In May of 2016, the Chronic Fatigue Syndrome Advisory Committee reporting to the U.S. Secretary of Health and Human Services, recommended the establishment of ME/CFS Centers of Excellence (COE). Although the proposed funding never occurred, the concept guidance adopted by BHC included the following criteria:

• Includes clinical and research components as well as outreach, recruitment (clinicians, researchers and patients), social services, patient education, and medical professional education.
• Assembles a designated multi-specialty team to provide clinical care to support clinical research of ME/CFS patients.
• Housed in or near academic centers with medical education, research, and patient treatment facilities capable of providing healthcare, professional and community education and training, and access to additional academic disciplines as needed.
• Develop the capacity to provide telemedicine services to patients who, due to the disability imposed by ME/CFS, are unable to travel to a COE.
• Develop the capacity to support community-based physicians at a distance from the COE, with both consultative and educational support via telemedicine or any other viable methods, to facilitate the delivery of healthcare to patients within the patients’ community.

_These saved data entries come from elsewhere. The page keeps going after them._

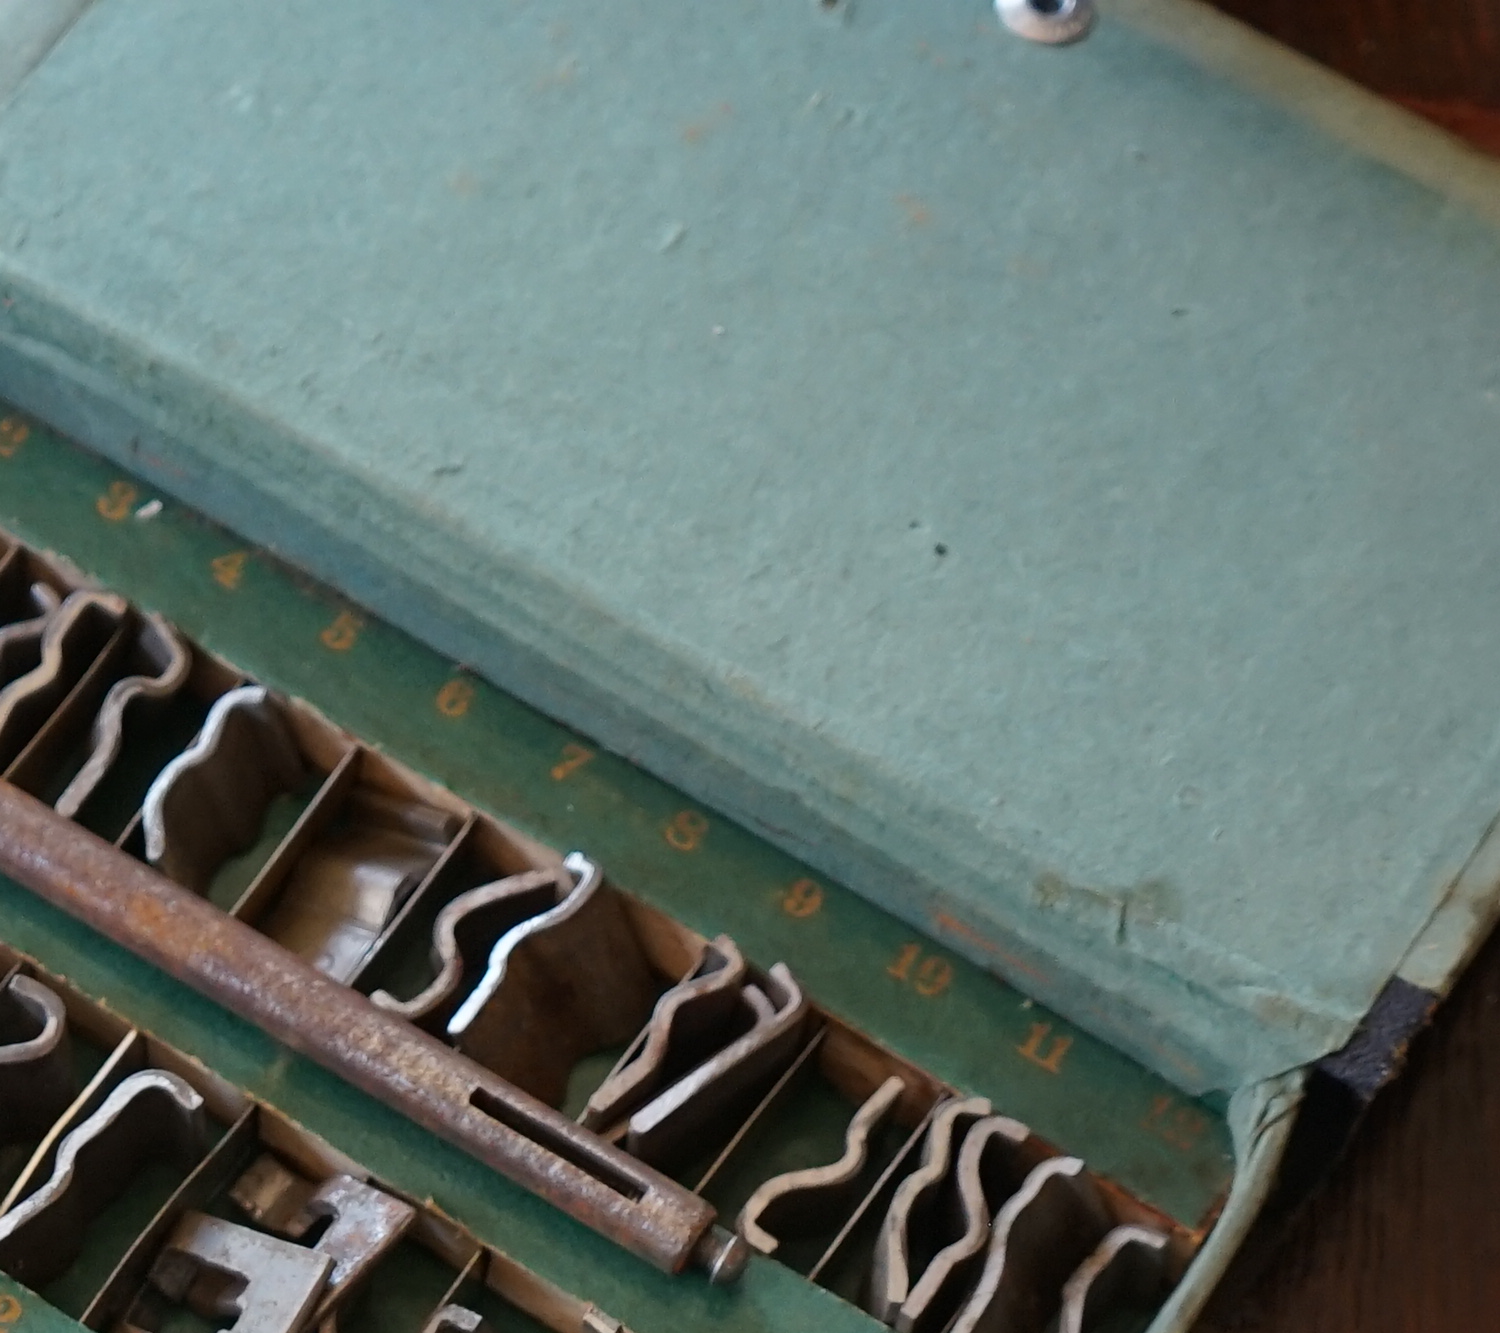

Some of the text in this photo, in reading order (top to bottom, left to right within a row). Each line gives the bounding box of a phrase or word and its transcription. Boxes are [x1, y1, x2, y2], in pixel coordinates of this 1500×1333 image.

[97, 484, 138, 517] 3
[210, 554, 249, 588] 4
[321, 612, 365, 652] 5
[436, 677, 474, 719] 6
[553, 743, 597, 781] 7
[666, 811, 707, 852] 8
[780, 880, 824, 918] 9
[887, 943, 953, 997] 10
[1016, 1022, 1074, 1074] 11
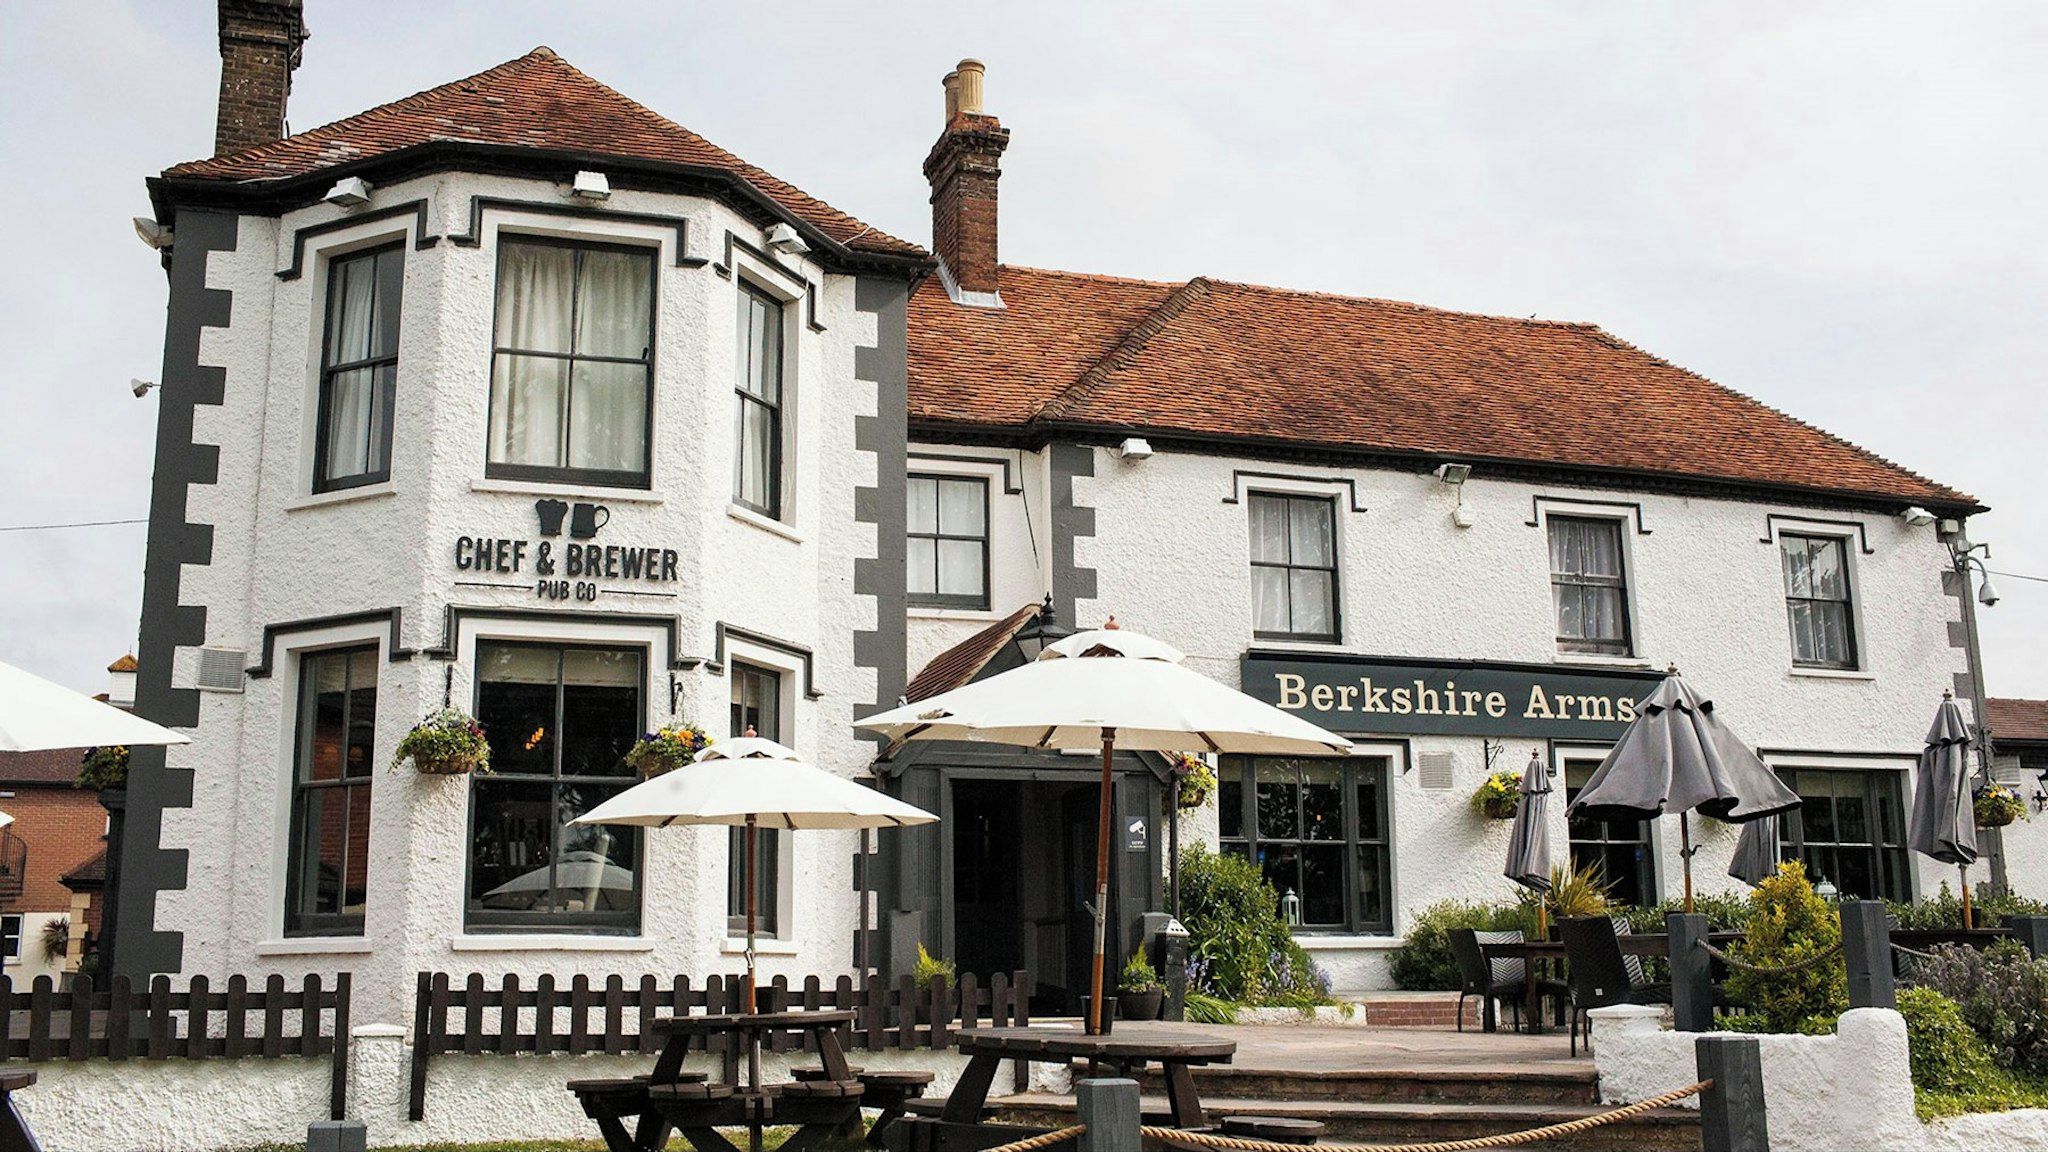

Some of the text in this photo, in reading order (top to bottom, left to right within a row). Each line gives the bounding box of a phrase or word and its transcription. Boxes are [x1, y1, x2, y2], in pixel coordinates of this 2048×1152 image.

BHC meets each of the recommended criteria and has established itself as a distinguished institution with the expertise for the care and treatment of ME/CFS, FM, and related comorbidities. BHC is an asset to the healthcare community and to informed healthcare consumers. BHC achieves improved outcomes through innovation, technology, skilled providers, and efficient administration.

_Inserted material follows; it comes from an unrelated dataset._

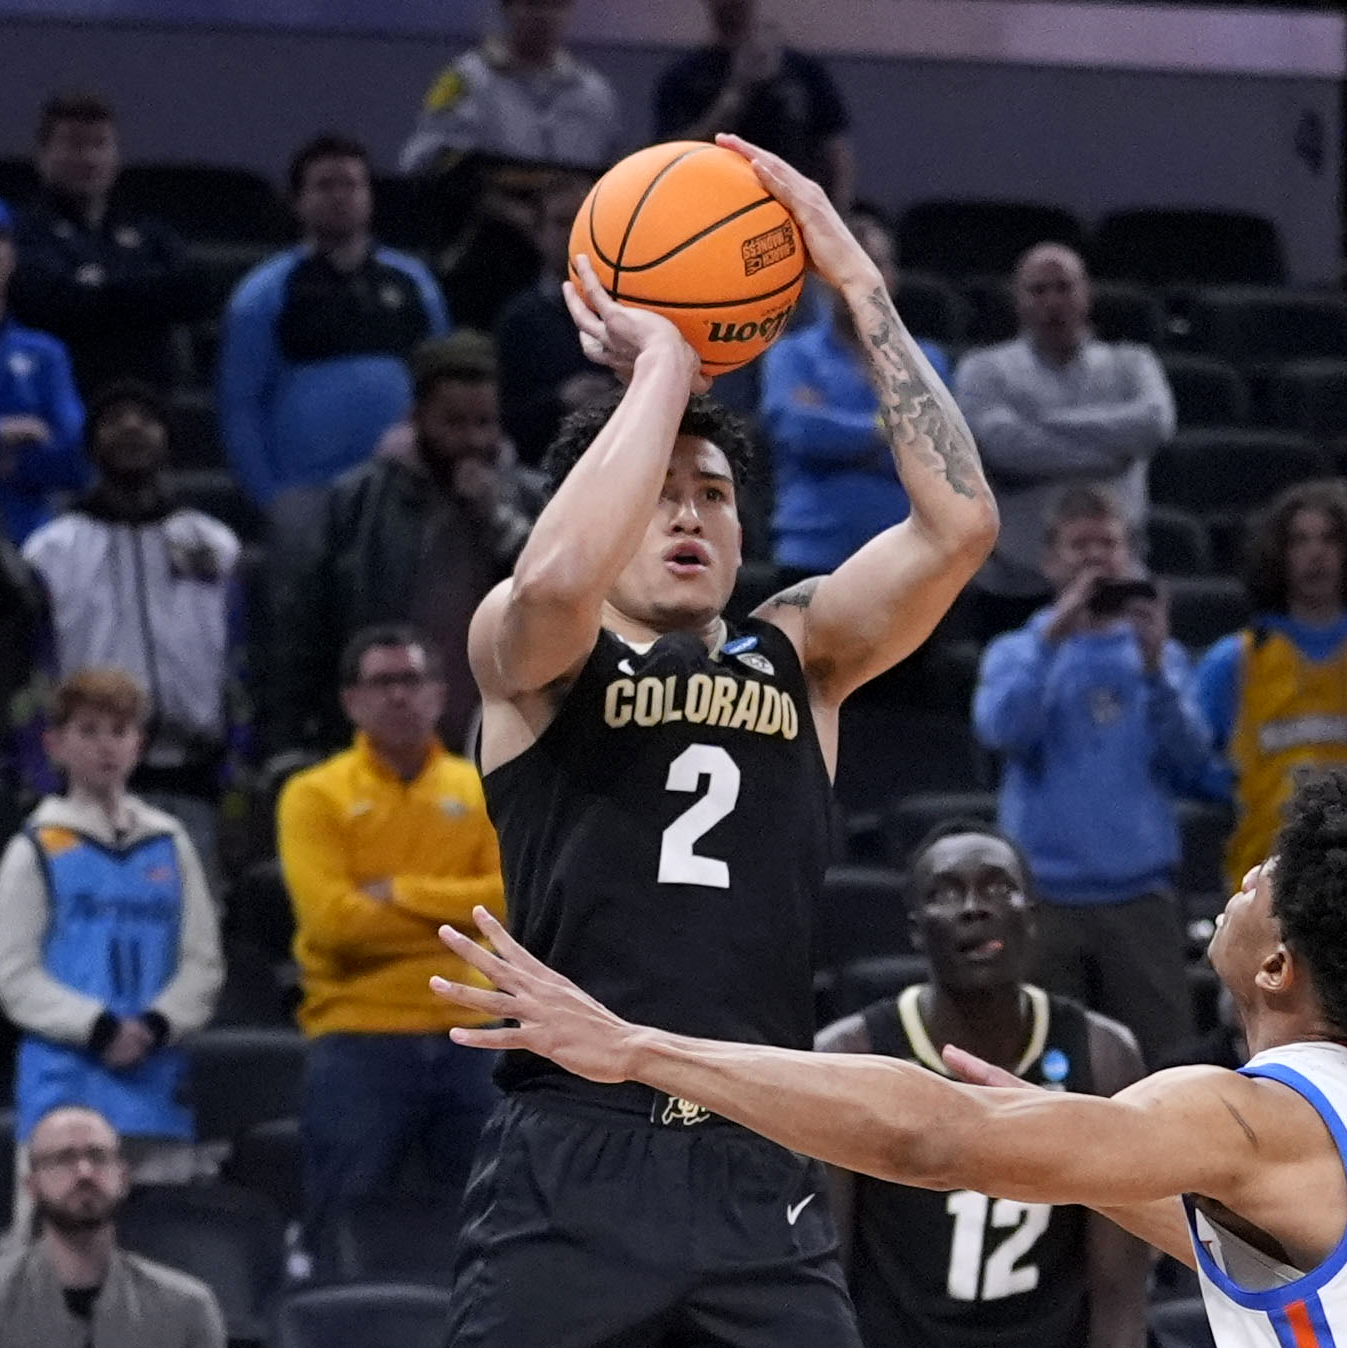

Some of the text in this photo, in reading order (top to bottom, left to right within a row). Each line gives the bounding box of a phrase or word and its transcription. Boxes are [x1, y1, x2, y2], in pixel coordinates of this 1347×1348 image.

[605, 673, 799, 740] COLORADO
[657, 743, 741, 889] 2
[946, 1190, 1052, 1301] 12

The Bateman Horne Center (BHC) is a non-profit 501(c)3 Center of Excellence improving lives impacted by myalgic encephalomyelitis/chronic fatigue syndrome (ME/CFS), fibromyalgia (FM), post-viral syndromes, and related comorbidities.

The BHC Value Proposition addresses the real-world of ME/CFS, FM, and post-viral limitations including narrow options for patients to access quality clinical care, underfunding of research initiatives, and need for informed educational resources for patients and healthcare providers.

Global End Goal:

People with ME/CFS, FM, post-viral syndromes, and related comorbidities live improved lives through universal access to evidence-informed, precision medicine.

Mission

We empower patients, advance research, and improve clinical care for all those impacted by ME/CFS, FM, post-viral syndromes, and related comorbidities.

Vision

We envision a world where patients with ME/CFS, FM, post-viral syndromes, and related comorbidities are readily diagnosed, effectively treated, and widely met with empathy and understanding.

BHC Community

The Board of Directors are stewards of the efforts and talents of those who have built this organization and are responsible to represent the needs and values of the BHC Community defined as patients and their advocates, healthcare providers, researchers, and community educators and volunteers.

A Word About the BHC Logo and Mascot

The birds in flight in the BHC logo represents the collective effort of BHC’s Community bringing hope and newfound freedoms and quality of life.

Dr. Bateman adopted the turtle as the BHC mascot to remind us that progress with these illnesses requires patience, determination, and pacing to achieve results. The turtle is a symbol of longevity, has great strength, and can carry heavy loads.